Appellant’s appeal grounds and submissions
 Mr Hughes’ grounds of appeal set out in his notice of appeal were:
“Error of law
1. The Commissioner erred in law:
(a) in applying the wrong legal test as to whether the conduct of the Applicant on 1 July 2016 was a valid reason to dismiss the Respondent to dismiss the Applicant from his employment;
(b) in failing to find, in effect, that upon application of the correct legal test the conduct of the Applicant on 1July 2016 was not a valid reason for the Respondent to dismiss the Applicant from his employment;
Significant error of fact and error of law
2. The Commissioner significantly erred in fact and erred in law:
(a) in finding that the Applicant in November 2014 deliberately head-butted a Mr Tyler Wood for no apparent reason;
(b) in finding that the head-butt injured Mr Wood causing his nose to bleed;
(c) in finding, in effect, that the Applicant had been given a valid verbal warning by the Respondent for head-butting Mr Wood;
(d) in rejecting the evidence of the Applicant about the incident with Mr Wood being, in effect, that the incident was accidental and did not cause Mr Wood injury,
where the basis for the Commissioner's findings and rejection of the Applicant's evidence was hearsay statements of persons who could reasonably have been, but were not, called as witnesses by the Respondent without proper explanation.
Error of law
If ground 1 and/or ground 2 is upheld, then the Commissioner erred in law in failing to conclude, on the acts as found and otherwise not in dispute, that the Appellant was unfairly dismissed from his employment by the Respondent.”
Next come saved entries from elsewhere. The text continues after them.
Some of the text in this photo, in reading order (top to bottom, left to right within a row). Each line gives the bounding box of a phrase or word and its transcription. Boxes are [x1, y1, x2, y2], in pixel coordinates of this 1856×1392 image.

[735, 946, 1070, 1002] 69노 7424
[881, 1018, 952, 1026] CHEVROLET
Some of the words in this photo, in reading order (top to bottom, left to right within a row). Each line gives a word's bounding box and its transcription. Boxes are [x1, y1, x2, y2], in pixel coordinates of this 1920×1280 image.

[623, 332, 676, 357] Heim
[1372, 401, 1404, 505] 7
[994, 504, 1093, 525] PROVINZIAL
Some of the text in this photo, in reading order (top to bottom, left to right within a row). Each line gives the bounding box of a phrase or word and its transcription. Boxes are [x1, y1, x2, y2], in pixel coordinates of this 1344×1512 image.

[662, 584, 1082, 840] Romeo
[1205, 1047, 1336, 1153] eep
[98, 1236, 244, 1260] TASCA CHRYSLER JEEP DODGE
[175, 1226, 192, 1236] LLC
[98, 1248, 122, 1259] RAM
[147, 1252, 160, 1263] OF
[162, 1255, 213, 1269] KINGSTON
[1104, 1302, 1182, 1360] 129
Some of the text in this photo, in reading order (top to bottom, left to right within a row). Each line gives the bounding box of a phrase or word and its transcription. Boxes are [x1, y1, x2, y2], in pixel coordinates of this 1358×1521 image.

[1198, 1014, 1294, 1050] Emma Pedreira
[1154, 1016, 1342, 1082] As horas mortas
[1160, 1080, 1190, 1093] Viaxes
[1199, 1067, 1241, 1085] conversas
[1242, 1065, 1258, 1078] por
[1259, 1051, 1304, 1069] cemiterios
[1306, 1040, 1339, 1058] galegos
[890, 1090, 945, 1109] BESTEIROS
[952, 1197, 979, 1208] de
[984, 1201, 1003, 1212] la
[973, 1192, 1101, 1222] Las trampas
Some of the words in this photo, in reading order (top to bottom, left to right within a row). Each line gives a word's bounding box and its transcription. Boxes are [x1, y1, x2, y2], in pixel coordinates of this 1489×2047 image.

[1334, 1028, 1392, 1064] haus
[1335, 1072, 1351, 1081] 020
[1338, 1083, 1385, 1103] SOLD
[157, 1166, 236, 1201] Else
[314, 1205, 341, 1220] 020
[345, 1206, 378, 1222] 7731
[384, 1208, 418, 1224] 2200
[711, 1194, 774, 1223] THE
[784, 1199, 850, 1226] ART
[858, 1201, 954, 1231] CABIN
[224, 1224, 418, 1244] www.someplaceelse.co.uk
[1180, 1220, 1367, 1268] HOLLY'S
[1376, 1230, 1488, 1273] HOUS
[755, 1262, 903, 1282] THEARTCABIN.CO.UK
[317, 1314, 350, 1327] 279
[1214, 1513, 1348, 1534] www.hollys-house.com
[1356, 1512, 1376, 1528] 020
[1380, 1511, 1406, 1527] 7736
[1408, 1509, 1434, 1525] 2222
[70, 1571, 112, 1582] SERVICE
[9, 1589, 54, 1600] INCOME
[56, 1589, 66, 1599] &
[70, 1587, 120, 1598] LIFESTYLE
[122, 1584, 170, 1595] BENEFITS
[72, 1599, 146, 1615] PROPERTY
 Mr Hughes submitted that permission to appeal should be granted in the public interest because:
 An appeal under s.604 of the FW Act is an appeal by way of rehearing and the Commission’s powers on appeal are only exercisable if there is error on the part of the primary decision maker. 6 There is no right to appeal and an appeal may only be made with the permission of the Commission.
 This appeal is one to which s.400 of the FW Act applies. Section 400 provides:
(1) Despite subsection 604(2), the FWC must not grant permission to appeal from a decision made by the FWC under this Part unless the FWC considers that it is in the public interest to do so.
(2) Despite subsection 604(1), an appeal from a decision made by the FWC in relation to a matter arising under this Part can only, to the extent that it is an appeal on a question of fact, be made on the ground that the decision involved a significant error of fact.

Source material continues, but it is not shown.